▶ **Brief**
In your copy of the data below, reproduce every entry exactly and omit the pictures.

▶ **Dataset records**

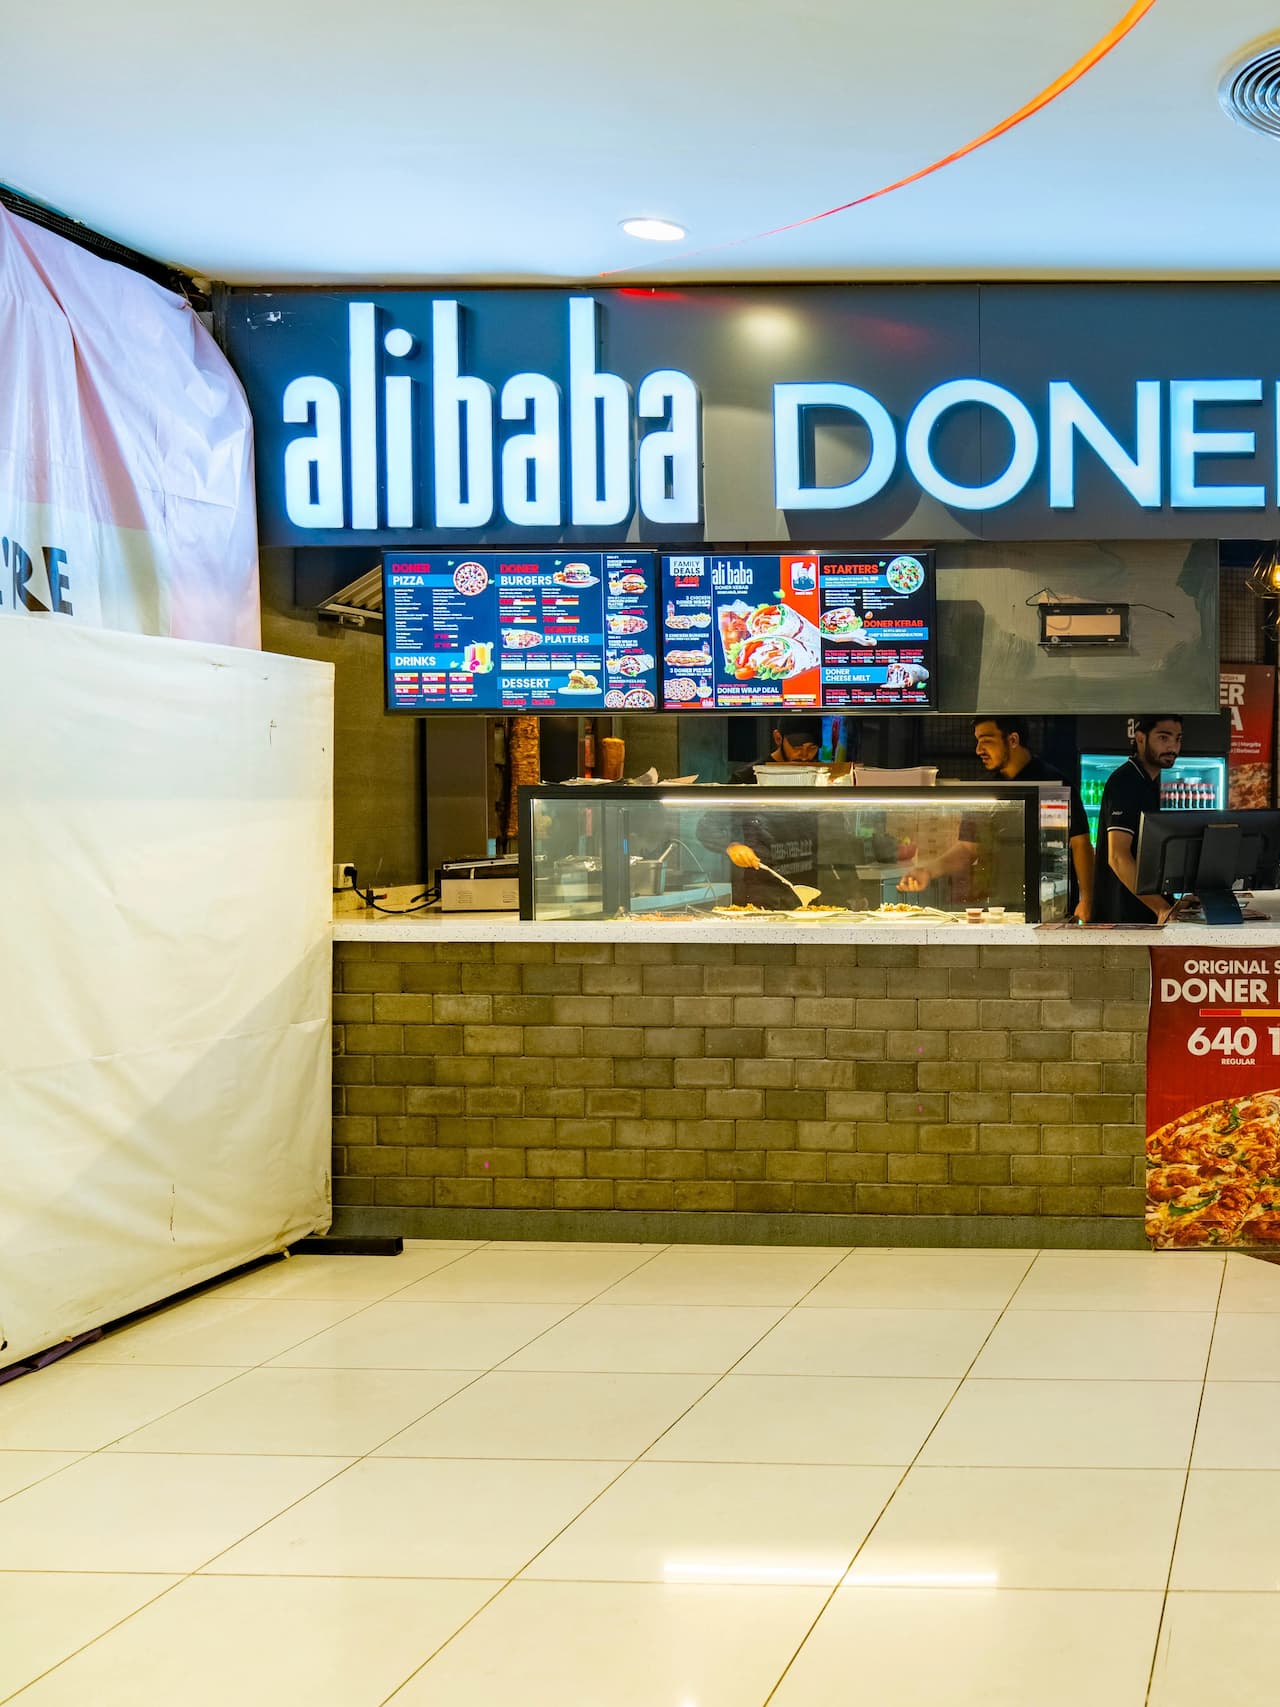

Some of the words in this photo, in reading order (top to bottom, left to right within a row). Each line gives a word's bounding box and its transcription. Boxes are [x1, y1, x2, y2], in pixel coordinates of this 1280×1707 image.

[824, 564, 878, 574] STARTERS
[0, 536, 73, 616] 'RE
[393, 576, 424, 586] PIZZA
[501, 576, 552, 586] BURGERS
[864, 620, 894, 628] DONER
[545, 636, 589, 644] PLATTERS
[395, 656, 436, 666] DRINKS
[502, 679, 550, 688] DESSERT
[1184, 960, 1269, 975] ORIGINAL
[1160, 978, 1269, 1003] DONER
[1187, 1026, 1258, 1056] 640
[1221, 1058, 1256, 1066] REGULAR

▶ **Final answer**
Some of the words in this photo, in reading order (top to bottom, left to right within a row). Each line gives a word's bounding box and its transcription. Boxes are [x1, y1, x2, y2], in pixel coordinates of this 1280×1707 image.

[824, 564, 878, 574] STARTERS
[0, 536, 73, 616] 'RE
[393, 576, 424, 586] PIZZA
[501, 576, 552, 586] BURGERS
[864, 620, 894, 628] DONER
[545, 636, 589, 644] PLATTERS
[395, 656, 436, 666] DRINKS
[502, 679, 550, 688] DESSERT
[1184, 960, 1269, 975] ORIGINAL
[1160, 978, 1269, 1003] DONER
[1187, 1026, 1258, 1056] 640
[1221, 1058, 1256, 1066] REGULAR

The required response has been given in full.